It doesn't have to be that way. The rules for financial survival are simple, and unchanging. If you -like many others -are worried about your finances, it's probably too late to do much about this particular recession. It's upon us, and hopefully the economy is improving although, be warned, job losses will continue to mount over the months ahead.

Here, then, is how to prepare your finances for the next recession. A recession which will one day inevitably arrive. So don't be a statistic: be a survivor -- and better still, someone who actually profits from a recession.

Recession-proofing

So, how do you recession-proof your finances?

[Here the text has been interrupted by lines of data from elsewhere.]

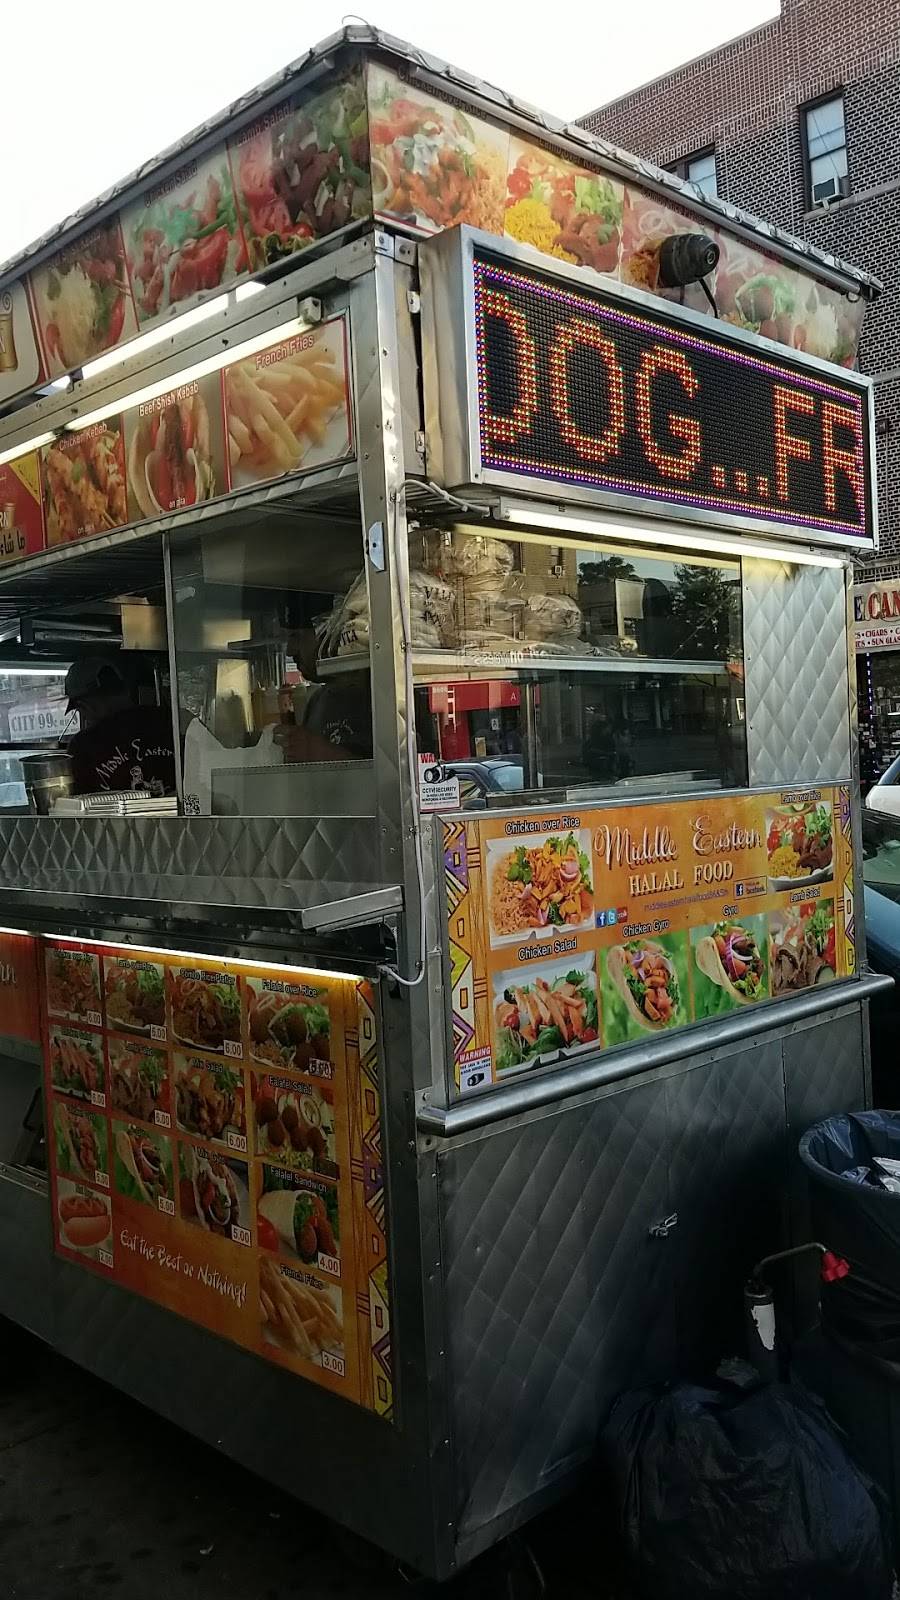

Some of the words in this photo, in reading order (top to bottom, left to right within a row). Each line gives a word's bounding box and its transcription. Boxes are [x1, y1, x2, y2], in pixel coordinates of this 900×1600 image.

[255, 345, 289, 371] French
[290, 334, 314, 358] Fries
[139, 402, 156, 417] Beef
[157, 392, 175, 411] Shish
[177, 381, 199, 400] Kebab
[58, 432, 84, 451] Chicken
[86, 422, 107, 442] Kebab
[12, 714, 35, 732] CITY
[505, 820, 540, 835] Chicken
[542, 820, 560, 832] over
[561, 816, 580, 830] Rice
[594, 825, 677, 871] Middle
[690, 815, 763, 857] Eastern
[629, 870, 685, 897] HALAL
[693, 861, 734, 887] FOOD
[723, 904, 739, 917] Gyro
[622, 922, 652, 938] Chicken
[653, 918, 670, 933] Gyro
[518, 944, 552, 961] Chicken
[554, 939, 577, 954] Salad
[262, 979, 284, 992] Falafel
[285, 984, 299, 994] over
[302, 986, 318, 997] Rice
[459, 1046, 491, 1063] WARNING
[269, 1076, 291, 1089] Falafel
[229, 1136, 246, 1149] 6.00
[270, 1166, 293, 1181] Falafel
[295, 1173, 327, 1193] Sandwich
[233, 1227, 249, 1243] 5.00
[120, 1229, 137, 1251] Eat
[156, 1244, 183, 1272] Best
[197, 1264, 247, 1308] Nothing!
[320, 1257, 339, 1273] 4.00
[324, 1355, 342, 1373] 3.00

1. Eliminate non-mortgage debt

In a recession, you don't want to be paying money to high street lenders and credit card companies. Worse, you don't want to be paying money to lenders who are simultaneously jacking-up their interest rates as bad debts from other consumers impact on their profits.

There's plenty of advice here on lovemoney.com about getting out of debt, with the result that you'll sleep more easily whatever is happening to the economy. And don't forget the big advantage of buying things only with money that you've already put aside: what you're buying effectively becomes cheaper, because you're just paying what's on the price ticket - and not any interest on top.

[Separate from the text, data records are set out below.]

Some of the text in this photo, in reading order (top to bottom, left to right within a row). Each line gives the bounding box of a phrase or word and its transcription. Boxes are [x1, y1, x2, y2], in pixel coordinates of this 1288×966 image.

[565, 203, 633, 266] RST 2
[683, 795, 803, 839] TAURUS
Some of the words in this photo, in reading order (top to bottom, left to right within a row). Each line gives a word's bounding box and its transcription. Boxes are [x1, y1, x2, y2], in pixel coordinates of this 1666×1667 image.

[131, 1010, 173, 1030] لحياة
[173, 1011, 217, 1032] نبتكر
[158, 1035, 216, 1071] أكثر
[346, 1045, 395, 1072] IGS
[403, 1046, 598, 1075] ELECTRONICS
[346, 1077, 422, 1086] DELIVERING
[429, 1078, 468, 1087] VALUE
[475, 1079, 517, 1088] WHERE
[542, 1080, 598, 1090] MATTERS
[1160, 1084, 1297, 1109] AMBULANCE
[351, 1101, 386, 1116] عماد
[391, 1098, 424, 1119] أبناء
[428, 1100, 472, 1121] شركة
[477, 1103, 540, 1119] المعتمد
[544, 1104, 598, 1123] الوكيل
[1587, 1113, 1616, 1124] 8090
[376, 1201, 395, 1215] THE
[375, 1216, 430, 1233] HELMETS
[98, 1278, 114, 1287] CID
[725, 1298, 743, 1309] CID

2. Build up an emergency cushion.

That nice big fat cushion between you and monetary meltdown won't arrive of its own accord. It has to be saved. And again, there's plenty of help available.

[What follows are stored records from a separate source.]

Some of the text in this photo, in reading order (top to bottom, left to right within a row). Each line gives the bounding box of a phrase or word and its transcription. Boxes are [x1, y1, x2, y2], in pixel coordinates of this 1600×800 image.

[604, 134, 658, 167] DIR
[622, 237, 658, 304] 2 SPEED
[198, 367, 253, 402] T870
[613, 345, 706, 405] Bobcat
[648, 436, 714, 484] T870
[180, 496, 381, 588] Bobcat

Start today: live a little more frugally, and put money aside in a savings account.  Better still, as it's long-term saving, use a cash ISA.  £50 a month for ten years, for instance, at an average interest rate of 4.5% (and rates may well go higher, of course) comes to a very handy £7,588. That's right: a decent-sized cushion for little more than a tenner a week. Double the amount saved each month, and your emergency cushion climbs to £15,176.

3. Build up a 'bargain fund'.

A few short months ago, index tracker prices were on the floor with the FTSE 100 at 3,500, and over-stocked retailers were discounting like there was no tomorrow - which for some of them, proved to be the case. House prices, too, fell to lows from which they've since seemingly recovered.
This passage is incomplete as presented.